Suggesting Related Posts with Ruby and Jekyll

Having a static website blog comes with many limitations, and I, for the large part, learned to live with them. The speed, simplicity, low cost, and security of a static website outweighs a lot of its shortcomings.

One thing I tried building is a feature that automatically displays related posts. It would be easy if this site ran on a server that calculates stuff on the fly, but it doesn’t. I need to find a clever way to efficiently recalculate what is related to each blog post when the site builds.

The Goal

Here’s what I’m trying to achieve:

When this static site builds, I am able to display related posts based on relevancy.
The process should be fairly automatic—no manual intervention or tagging
It must work with my myriad of posts in Chinese
It must work with my Bundler-based tech stack with Netlify; Java environment is out of the question.

The Method

tf–idf Model

tf–idf stands for Term Frequency–Inverse Document Frequency. There are many websites that write about it, so I’m not gonna. A good starting point is just this Wikipedia page. Essentially, tf–idf looks for the frequency of a certain word showing up in a certain post, offset by the frequency of that same word showing up in all posts.

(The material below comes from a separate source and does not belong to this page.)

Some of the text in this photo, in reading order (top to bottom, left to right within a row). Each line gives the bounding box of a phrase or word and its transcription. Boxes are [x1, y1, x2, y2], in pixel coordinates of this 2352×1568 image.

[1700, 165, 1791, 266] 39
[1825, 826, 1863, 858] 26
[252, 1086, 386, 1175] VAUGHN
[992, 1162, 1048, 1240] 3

With this model, we should be in the right direction, calculating similarity of any two given blog posts.

Stop words

Stop words are connector words that don’t contribute much to a document’s topic. The most common ones are and, or, because, etc. Removing stop words before feeding the text to the tf–idf model will help it understand relevancy a lot better.

And because I write a lot of stuff in Chinese, I downloaded a stop word list that contains both English and Chinese words and phrases.

Jekyll Plug-in

Liquid is nice and all, but it’s apparently not powerful or flexible enough to handle a proper tf–idf problem. Jekyll is built on top of Ruby on Rails, and we can easily write a plug-in to do the heavy lifting.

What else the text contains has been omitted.